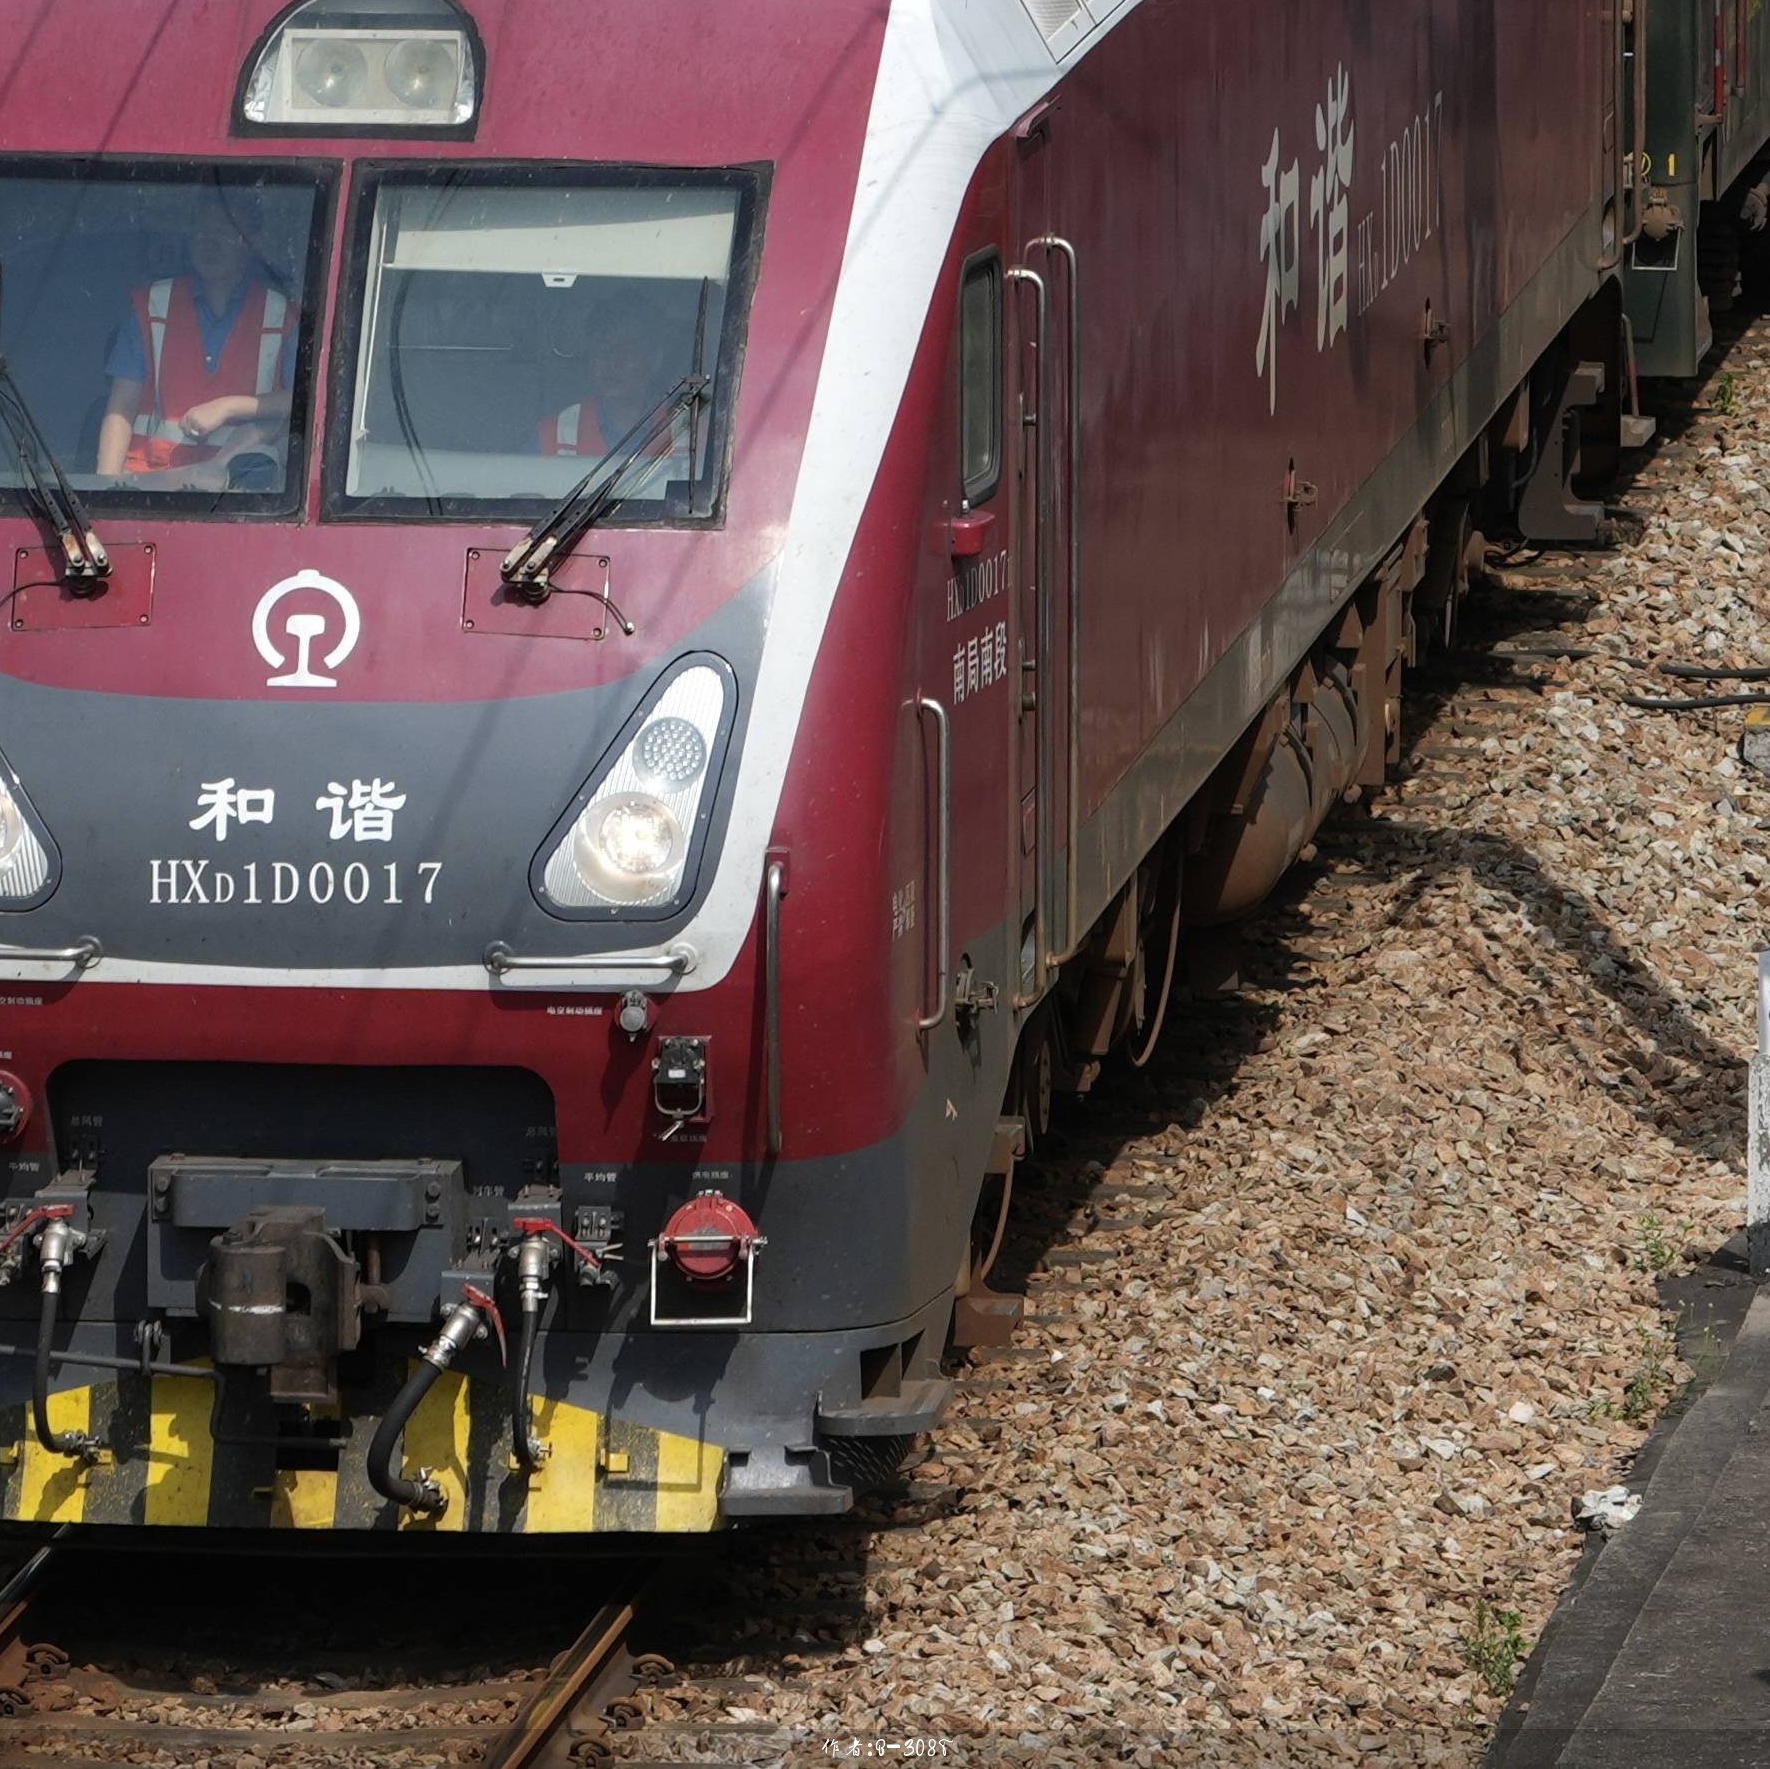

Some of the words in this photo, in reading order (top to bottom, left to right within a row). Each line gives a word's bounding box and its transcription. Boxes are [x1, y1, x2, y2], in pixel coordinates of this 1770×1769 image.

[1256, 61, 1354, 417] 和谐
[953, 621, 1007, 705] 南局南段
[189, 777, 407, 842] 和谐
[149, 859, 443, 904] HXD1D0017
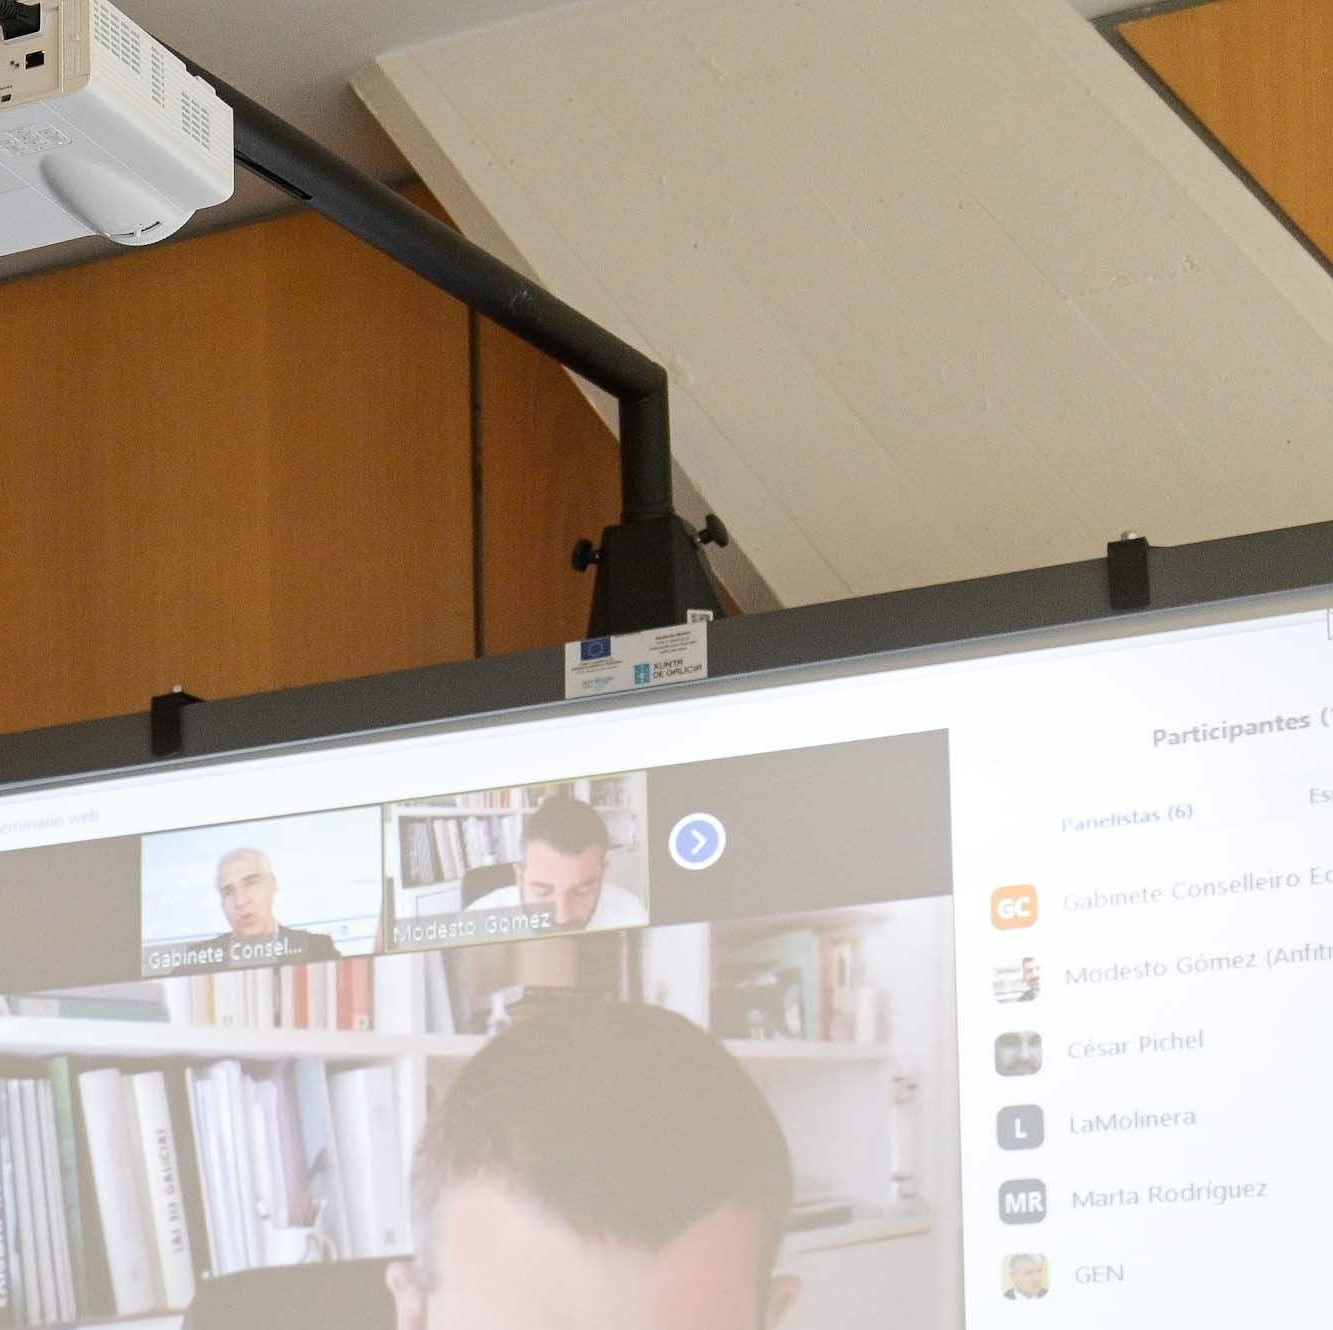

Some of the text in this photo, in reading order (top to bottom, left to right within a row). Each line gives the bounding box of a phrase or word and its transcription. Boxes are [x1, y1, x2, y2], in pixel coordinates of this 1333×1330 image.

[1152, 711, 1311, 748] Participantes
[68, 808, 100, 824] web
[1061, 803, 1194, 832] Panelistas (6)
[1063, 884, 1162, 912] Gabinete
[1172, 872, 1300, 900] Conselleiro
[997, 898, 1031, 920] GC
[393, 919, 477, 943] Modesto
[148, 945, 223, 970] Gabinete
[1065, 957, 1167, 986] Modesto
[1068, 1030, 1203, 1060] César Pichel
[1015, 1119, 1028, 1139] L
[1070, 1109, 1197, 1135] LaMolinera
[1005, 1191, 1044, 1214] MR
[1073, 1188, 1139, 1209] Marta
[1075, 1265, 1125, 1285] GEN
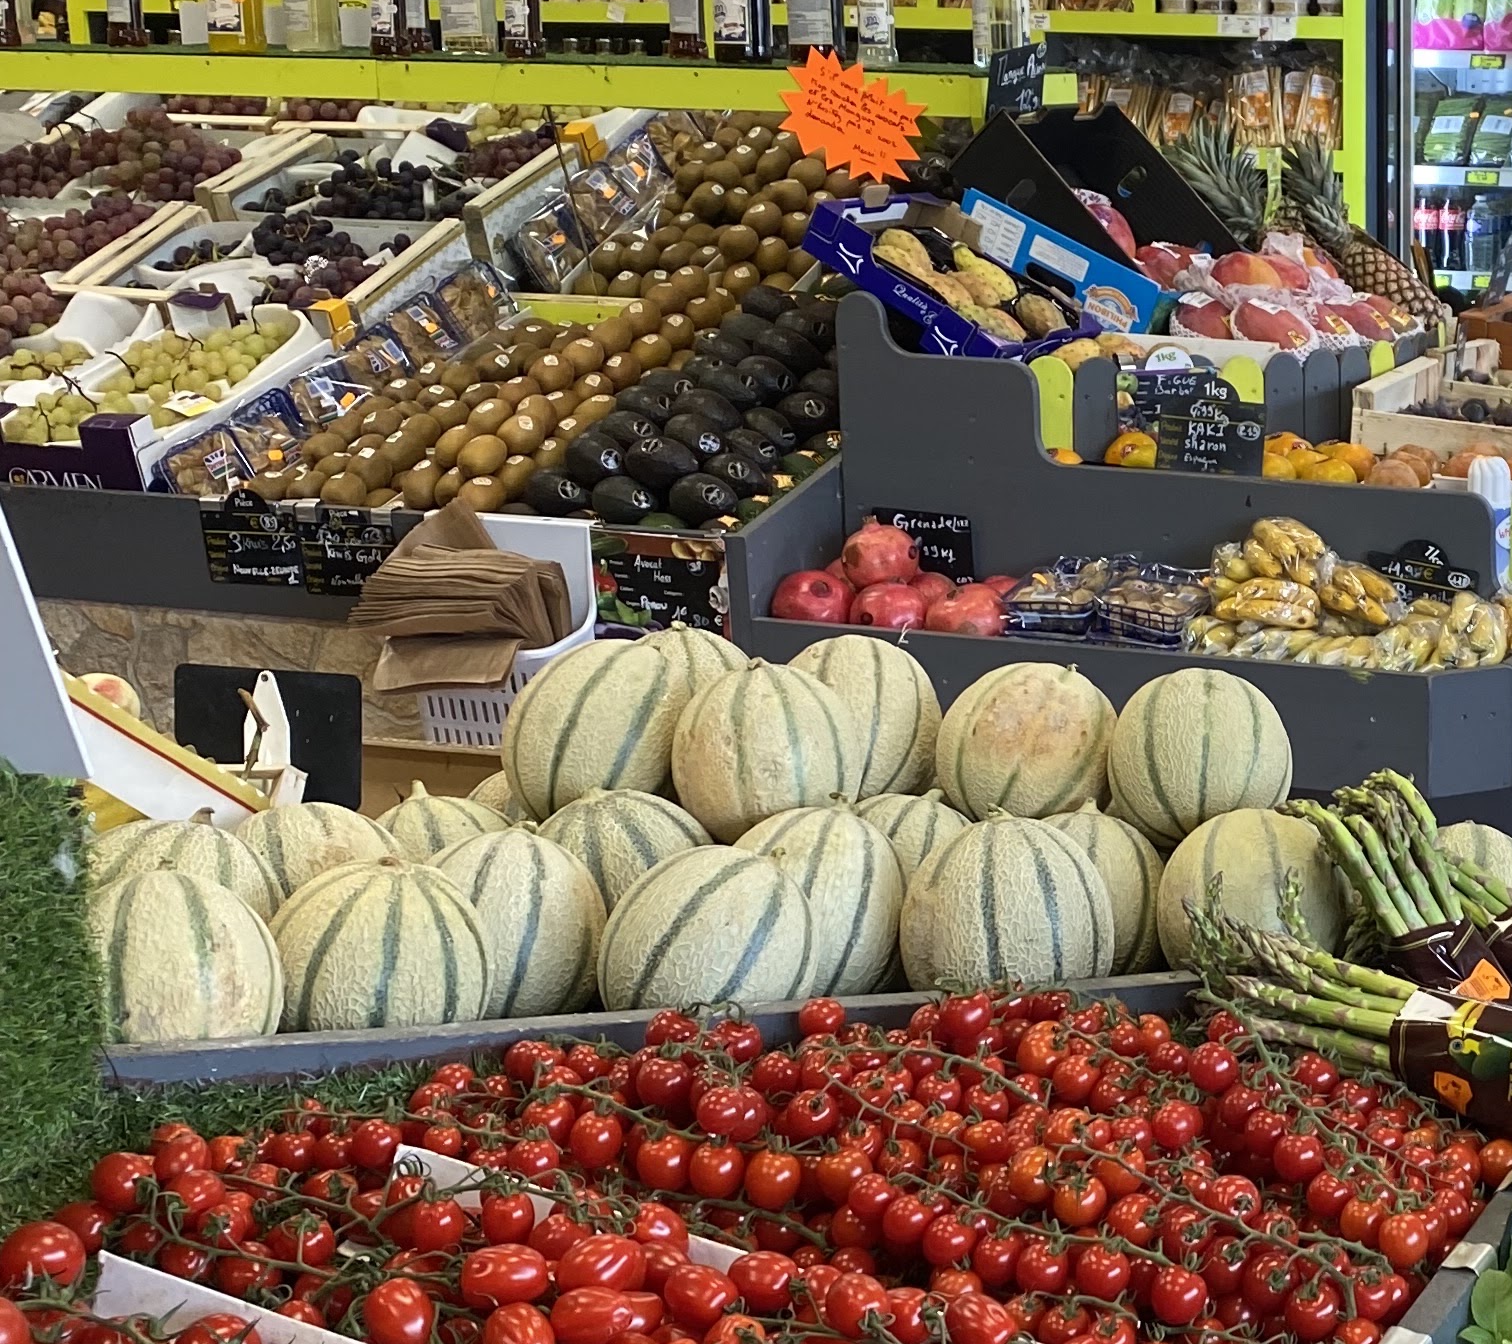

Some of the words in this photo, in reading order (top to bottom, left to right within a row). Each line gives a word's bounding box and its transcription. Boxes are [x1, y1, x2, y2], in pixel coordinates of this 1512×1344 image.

*Exercise goal*. All the records above must be retyped exactly, except for their pictures.

*Completed task*.
Some of the words in this photo, in reading order (top to bottom, left to right within a row). Each line gives a word's bounding box and its transcription. Boxes are [x1, y1, x2, y2], in pixel coordinates of this 1770×1769 image.

[1256, 61, 1354, 417] 和谐
[953, 621, 1007, 705] 南局南段
[189, 777, 407, 842] 和谐
[149, 859, 443, 904] HXD1D0017

Some of the text in this photo, in reading order (top to bottom, left to right within a row). Each line gives the bounding box of a phrase or word and its transcription. Boxes are [x1, y1, x2, y2], in pixel coordinates of this 1333×1330 image.

[1152, 711, 1311, 748] Participantes
[68, 808, 100, 824] web
[1061, 803, 1194, 832] Panelistas (6)
[1063, 884, 1162, 912] Gabinete
[1172, 872, 1300, 900] Conselleiro
[997, 898, 1031, 920] GC
[393, 919, 477, 943] Modesto
[148, 945, 223, 970] Gabinete
[1065, 957, 1167, 986] Modesto
[1068, 1030, 1203, 1060] César Pichel
[1015, 1119, 1028, 1139] L
[1070, 1109, 1197, 1135] LaMolinera
[1005, 1191, 1044, 1214] MR
[1073, 1188, 1139, 1209] Marta
[1075, 1265, 1125, 1285] GEN

Some of the words in this photo, in reading order (top to bottom, left to right within a row). Each line gives a word's bounding box and its transcription. Boxes are [x1, y1, x2, y2], in pixel coordinates of this 1512×1344 image.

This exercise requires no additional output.